SUPPLIED MATERIAL ▸
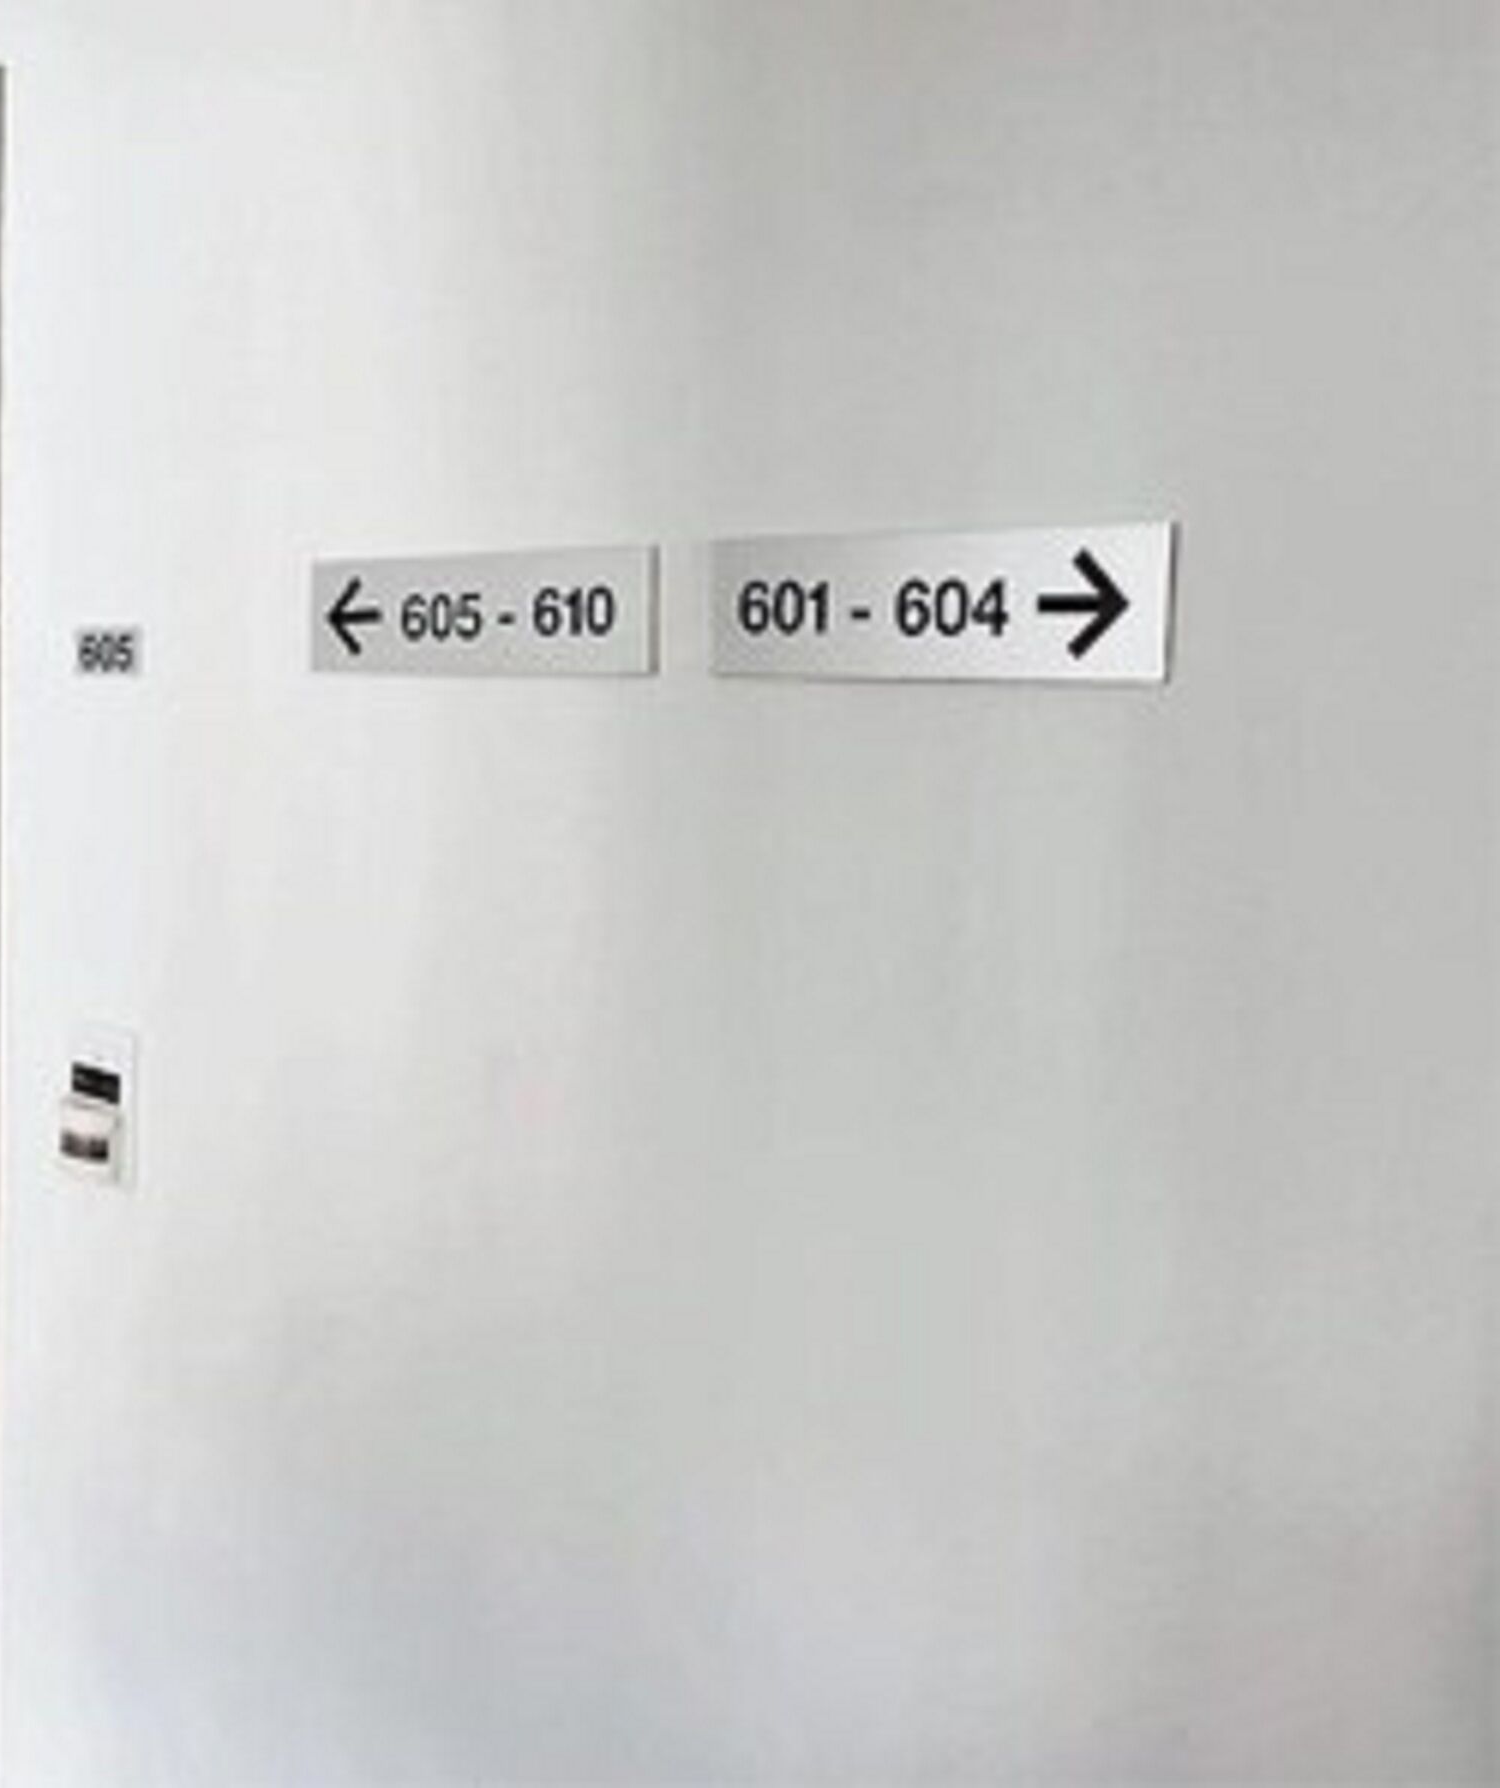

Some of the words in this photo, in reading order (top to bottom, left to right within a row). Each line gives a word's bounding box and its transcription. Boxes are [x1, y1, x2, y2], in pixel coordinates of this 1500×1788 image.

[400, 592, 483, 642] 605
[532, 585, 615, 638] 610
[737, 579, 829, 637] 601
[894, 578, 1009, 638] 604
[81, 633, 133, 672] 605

WHAT YOU NEED TO DO ▸ Please transcribe all of the records above exactly, leaving out any pictures.

SOLUTION TO THIS TASK ▸
Some of the words in this photo, in reading order (top to bottom, left to right within a row). Each line gives a word's bounding box and its transcription. Boxes are [x1, y1, x2, y2], in pixel coordinates of this 1500×1788 image.

[400, 592, 483, 642] 605
[532, 585, 615, 638] 610
[737, 579, 829, 637] 601
[894, 578, 1009, 638] 604
[81, 633, 133, 672] 605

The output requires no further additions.